**Study material:**

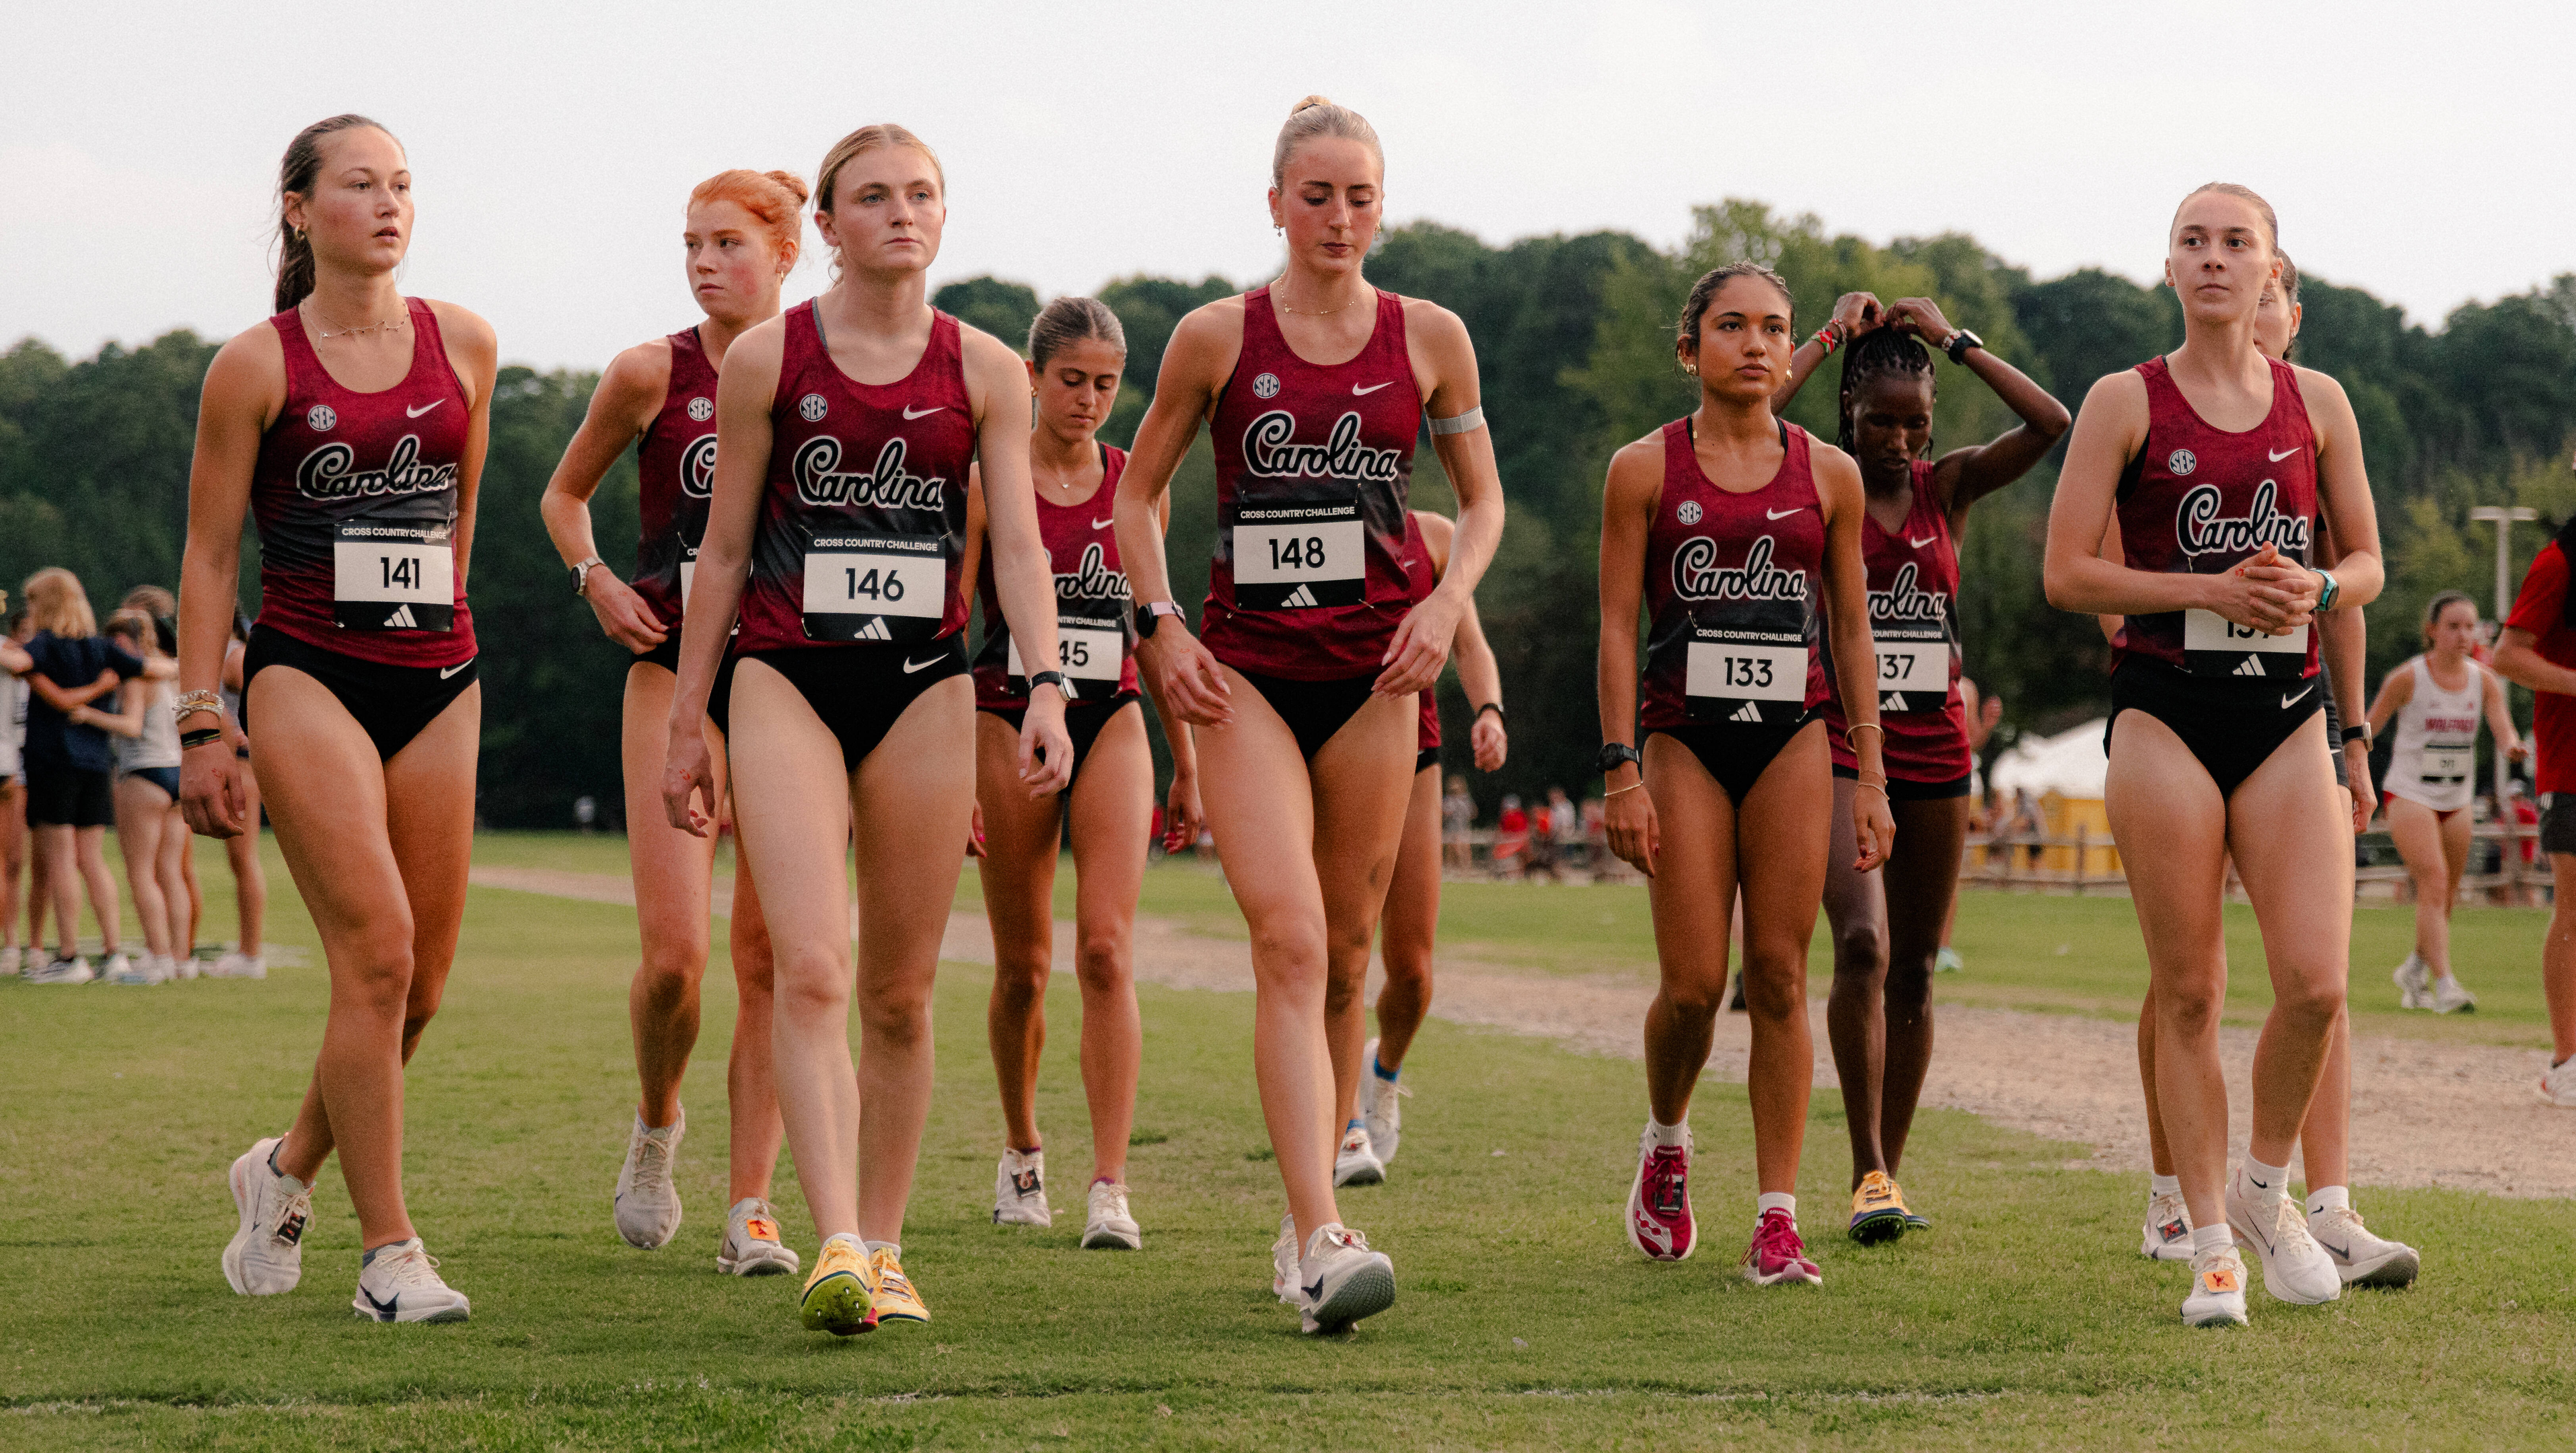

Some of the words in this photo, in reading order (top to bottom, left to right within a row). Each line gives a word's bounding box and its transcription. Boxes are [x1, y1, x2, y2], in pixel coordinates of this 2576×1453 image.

[1255, 374, 1278, 397] SEC
[309, 406, 336, 430] SEC
[689, 399, 712, 419] SEC
[801, 396, 826, 420] SEC
[1243, 410, 1401, 481] Carolina
[296, 434, 457, 500] Carolina
[793, 435, 946, 511] Carolina
[2170, 450, 2195, 474] SEC
[1241, 511, 1265, 519] CROSS
[1266, 509, 1304, 518] COUNTRY
[1305, 507, 1355, 517] CHALLENGE
[1679, 502, 1701, 524] SEC
[2176, 479, 2309, 556] Carolina
[342, 528, 371, 536] CROSS
[372, 528, 410, 537] COUNTRY
[410, 529, 446, 539] CHALLENGE
[813, 538, 844, 548] CROSS
[844, 539, 887, 550] COUNTRY
[887, 539, 938, 552] CHALLENGE
[1269, 537, 1325, 570] 148
[380, 557, 419, 589] 141
[1052, 542, 1133, 600] rolina
[1672, 535, 1808, 601] Carolina
[846, 568, 904, 602] 146
[1866, 561, 1948, 620] rolina
[1057, 616, 1076, 624] NTRY
[1076, 617, 1117, 627] CHALLENGE
[1697, 629, 1723, 638] CROSS
[1724, 630, 1760, 640] COUNTRY
[1760, 632, 1802, 642] CHALLENGE
[1902, 630, 1942, 638] CHALLENGE
[1059, 640, 1089, 667] 45
[1724, 657, 1773, 687] 133
[1769, 1209, 1791, 1220] saucony

**What the task requires:** Everything in the listing except the pictures must be reproduced exactly.

**Task result:**
Some of the words in this photo, in reading order (top to bottom, left to right within a row). Each line gives a word's bounding box and its transcription. Boxes are [x1, y1, x2, y2], in pixel coordinates of this 2576×1453 image.

[1255, 374, 1278, 397] SEC
[309, 406, 336, 430] SEC
[689, 399, 712, 419] SEC
[801, 396, 826, 420] SEC
[1243, 410, 1401, 481] Carolina
[296, 434, 457, 500] Carolina
[793, 435, 946, 511] Carolina
[2170, 450, 2195, 474] SEC
[1241, 511, 1265, 519] CROSS
[1266, 509, 1304, 518] COUNTRY
[1305, 507, 1355, 517] CHALLENGE
[1679, 502, 1701, 524] SEC
[2176, 479, 2309, 556] Carolina
[342, 528, 371, 536] CROSS
[372, 528, 410, 537] COUNTRY
[410, 529, 446, 539] CHALLENGE
[813, 538, 844, 548] CROSS
[844, 539, 887, 550] COUNTRY
[887, 539, 938, 552] CHALLENGE
[1269, 537, 1325, 570] 148
[380, 557, 419, 589] 141
[1052, 542, 1133, 600] rolina
[1672, 535, 1808, 601] Carolina
[846, 568, 904, 602] 146
[1866, 561, 1948, 620] rolina
[1057, 616, 1076, 624] NTRY
[1076, 617, 1117, 627] CHALLENGE
[1697, 629, 1723, 638] CROSS
[1724, 630, 1760, 640] COUNTRY
[1760, 632, 1802, 642] CHALLENGE
[1902, 630, 1942, 638] CHALLENGE
[1059, 640, 1089, 667] 45
[1724, 657, 1773, 687] 133
[1769, 1209, 1791, 1220] saucony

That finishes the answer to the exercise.